Reproduce the records below; each should match the original exactly.

Data for the task =
════════════════════

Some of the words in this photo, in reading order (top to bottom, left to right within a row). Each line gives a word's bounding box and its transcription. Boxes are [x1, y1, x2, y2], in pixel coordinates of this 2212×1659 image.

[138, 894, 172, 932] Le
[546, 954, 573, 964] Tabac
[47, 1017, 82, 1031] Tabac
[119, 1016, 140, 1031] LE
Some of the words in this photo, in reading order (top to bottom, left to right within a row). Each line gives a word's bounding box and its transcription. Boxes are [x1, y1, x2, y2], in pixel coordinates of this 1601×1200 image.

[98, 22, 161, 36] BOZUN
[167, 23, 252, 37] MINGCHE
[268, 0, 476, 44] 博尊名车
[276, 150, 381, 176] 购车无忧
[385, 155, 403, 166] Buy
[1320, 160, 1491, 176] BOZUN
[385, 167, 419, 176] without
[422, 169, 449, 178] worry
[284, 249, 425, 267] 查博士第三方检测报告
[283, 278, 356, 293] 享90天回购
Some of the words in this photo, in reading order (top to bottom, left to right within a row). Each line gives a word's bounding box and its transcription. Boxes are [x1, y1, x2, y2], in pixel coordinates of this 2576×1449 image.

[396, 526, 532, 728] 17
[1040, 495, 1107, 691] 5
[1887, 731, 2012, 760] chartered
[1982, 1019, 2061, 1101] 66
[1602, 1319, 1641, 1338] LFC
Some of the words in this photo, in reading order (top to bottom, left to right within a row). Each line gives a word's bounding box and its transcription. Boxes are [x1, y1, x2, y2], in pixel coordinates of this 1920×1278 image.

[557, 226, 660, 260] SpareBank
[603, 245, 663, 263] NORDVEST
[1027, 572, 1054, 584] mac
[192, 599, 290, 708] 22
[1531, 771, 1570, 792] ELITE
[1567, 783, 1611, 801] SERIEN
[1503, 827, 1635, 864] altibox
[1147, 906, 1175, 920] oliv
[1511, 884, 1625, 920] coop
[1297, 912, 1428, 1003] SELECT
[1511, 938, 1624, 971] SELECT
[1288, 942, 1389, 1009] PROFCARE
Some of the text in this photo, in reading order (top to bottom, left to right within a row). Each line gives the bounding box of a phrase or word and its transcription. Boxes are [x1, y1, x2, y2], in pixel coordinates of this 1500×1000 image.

════════════════════

Written solution =
Some of the words in this photo, in reading order (top to bottom, left to right within a row). Each line gives a word's bounding box and its transcription. Boxes are [x1, y1, x2, y2], in pixel coordinates of this 2212×1659 image.

[138, 894, 172, 932] Le
[546, 954, 573, 964] Tabac
[47, 1017, 82, 1031] Tabac
[119, 1016, 140, 1031] LE
Some of the words in this photo, in reading order (top to bottom, left to right within a row). Each line gives a word's bounding box and its transcription. Boxes are [x1, y1, x2, y2], in pixel coordinates of this 1601×1200 image.

[98, 22, 161, 36] BOZUN
[167, 23, 252, 37] MINGCHE
[268, 0, 476, 44] 博尊名车
[276, 150, 381, 176] 购车无忧
[385, 155, 403, 166] Buy
[1320, 160, 1491, 176] BOZUN
[385, 167, 419, 176] without
[422, 169, 449, 178] worry
[284, 249, 425, 267] 查博士第三方检测报告
[283, 278, 356, 293] 享90天回购
Some of the words in this photo, in reading order (top to bottom, left to right within a row). Each line gives a word's bounding box and its transcription. Boxes are [x1, y1, x2, y2], in pixel coordinates of this 2576×1449 image.

[396, 526, 532, 728] 17
[1040, 495, 1107, 691] 5
[1887, 731, 2012, 760] chartered
[1982, 1019, 2061, 1101] 66
[1602, 1319, 1641, 1338] LFC
Some of the words in this photo, in reading order (top to bottom, left to right within a row). Each line gives a word's bounding box and its transcription. Boxes are [x1, y1, x2, y2], in pixel coordinates of this 1920×1278 image.

[557, 226, 660, 260] SpareBank
[603, 245, 663, 263] NORDVEST
[1027, 572, 1054, 584] mac
[192, 599, 290, 708] 22
[1531, 771, 1570, 792] ELITE
[1567, 783, 1611, 801] SERIEN
[1503, 827, 1635, 864] altibox
[1147, 906, 1175, 920] oliv
[1511, 884, 1625, 920] coop
[1297, 912, 1428, 1003] SELECT
[1511, 938, 1624, 971] SELECT
[1288, 942, 1389, 1009] PROFCARE
Some of the text in this photo, in reading order (top to bottom, left to right within a row). Each line gives the bounding box of a phrase or word and its transcription. Boxes are [x1, y1, x2, y2], in pixel coordinates of this 1500×1000 image.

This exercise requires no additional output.